1. Examine the glmselect output from the first two proc glmselect (labeled M1,M2 in the code) calls and compare them in the following way.
a. What is different between the two OLS models in terms of the predictors? (note we have tricked glmselct in doing OLS by specifying Forward feature selection with no stopping criterion)
b. What are the two models R-square values and adjusted R-squared values?
c. Examine the Fit criteria and ASE plots. In terms of prediction do you think there is much harm in using all of the predictors versus using a feature selection approach to reduce the model down?
2. Compare the second and third proc glmselct calls (M2, M3). These both have the same predictors but one is OLS and the other is using LASSO feature selection using cross validation.

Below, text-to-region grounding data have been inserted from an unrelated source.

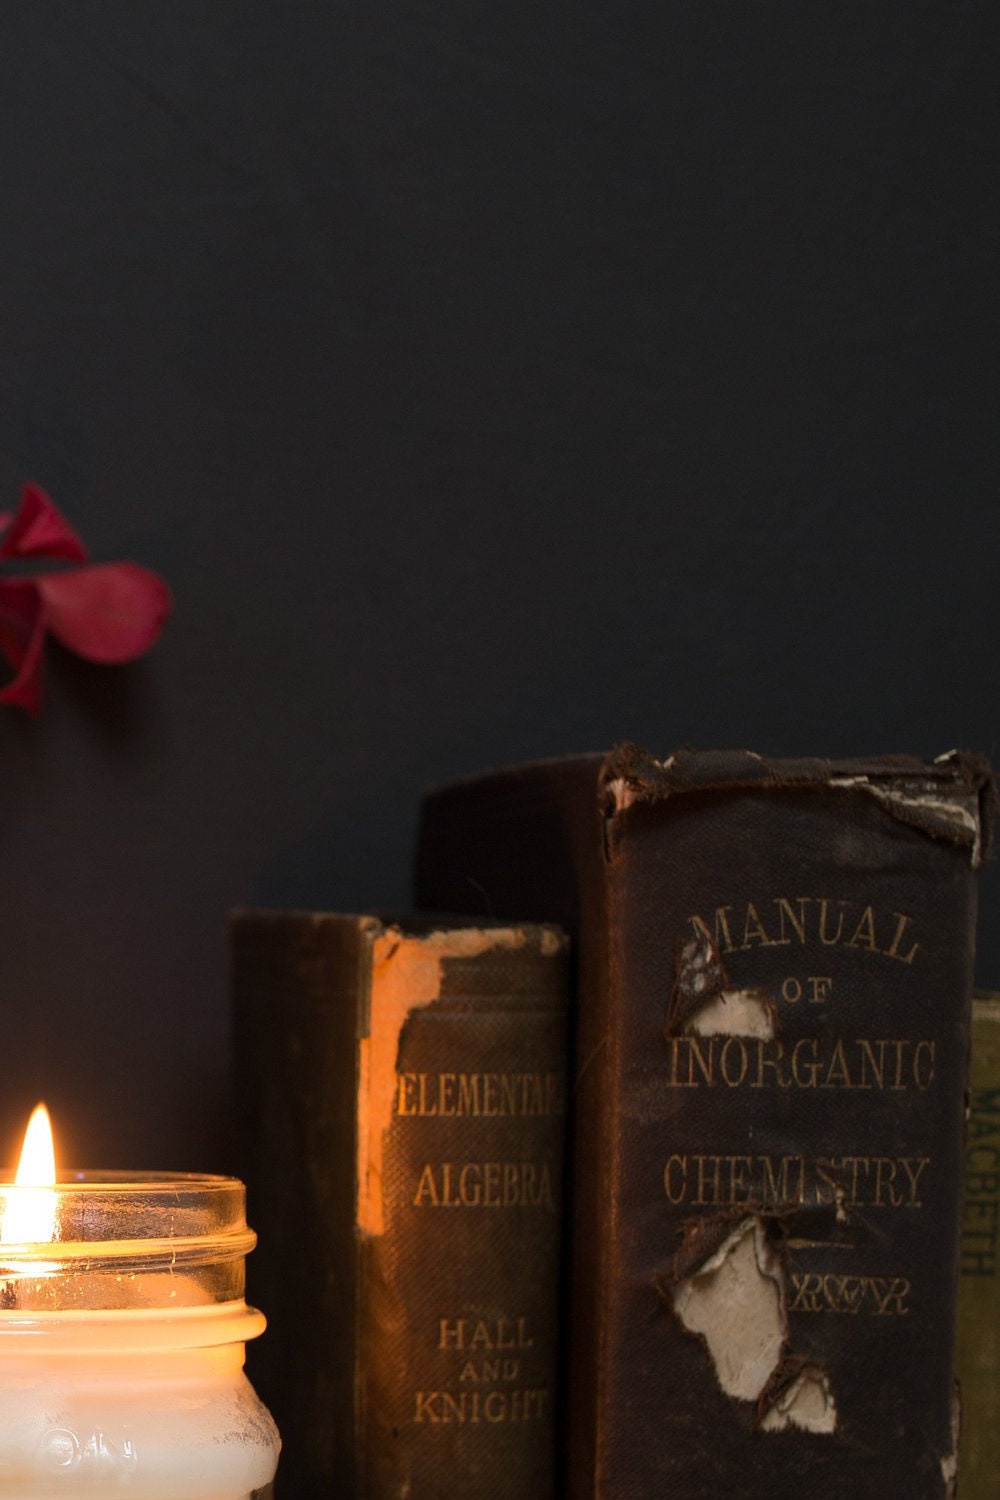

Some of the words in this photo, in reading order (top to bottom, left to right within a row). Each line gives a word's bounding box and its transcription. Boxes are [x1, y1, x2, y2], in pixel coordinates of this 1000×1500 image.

[687, 897, 920, 965] MANUAL
[781, 976, 832, 1004] OF
[667, 1036, 936, 1091] INORGANIC
[413, 1161, 557, 1207] ALGEBRA
[438, 1317, 534, 1350] HALL
[459, 1360, 520, 1382] AND
[413, 1389, 549, 1424] KNIGHT

a. Note the R-squared and Adjusted Rsquared and compare them.
b. What variables are included using the LASSO as a feature selection technique?
c. Suppose now that I told you that all of the predictors with generic names are just a bunch of random numbers, how does that piece of information potentially change your feeling on whether it matters or not to do feature selection.
3. Compare the fourth and fifth glmselect calls. These models include interaction terms so the model is even more complex and the potential for overfitting becomes even greater.
a. In model 5, examine the the CVpress fit criterion panel and compare it to the ASE plot for the test set. Does the CV fit panel mimick the ASE test performance pretty well?
b. In model 5 that uses the CV approach for feature selection, if we have used Adj-Rsquared rather than CV press, how good would you feel about the predictions you made with that particular model?
Bonus/Critical thinking: When comparing ASE plots of OLS and LASSO from our given code, you may have noticed that OLS seems to yield smaller test error values than LASSO. That may seem contradictory. Why do you think this is happening and why the actual values of the ASE for the OLS and LASSO models we ran are not directly comparable?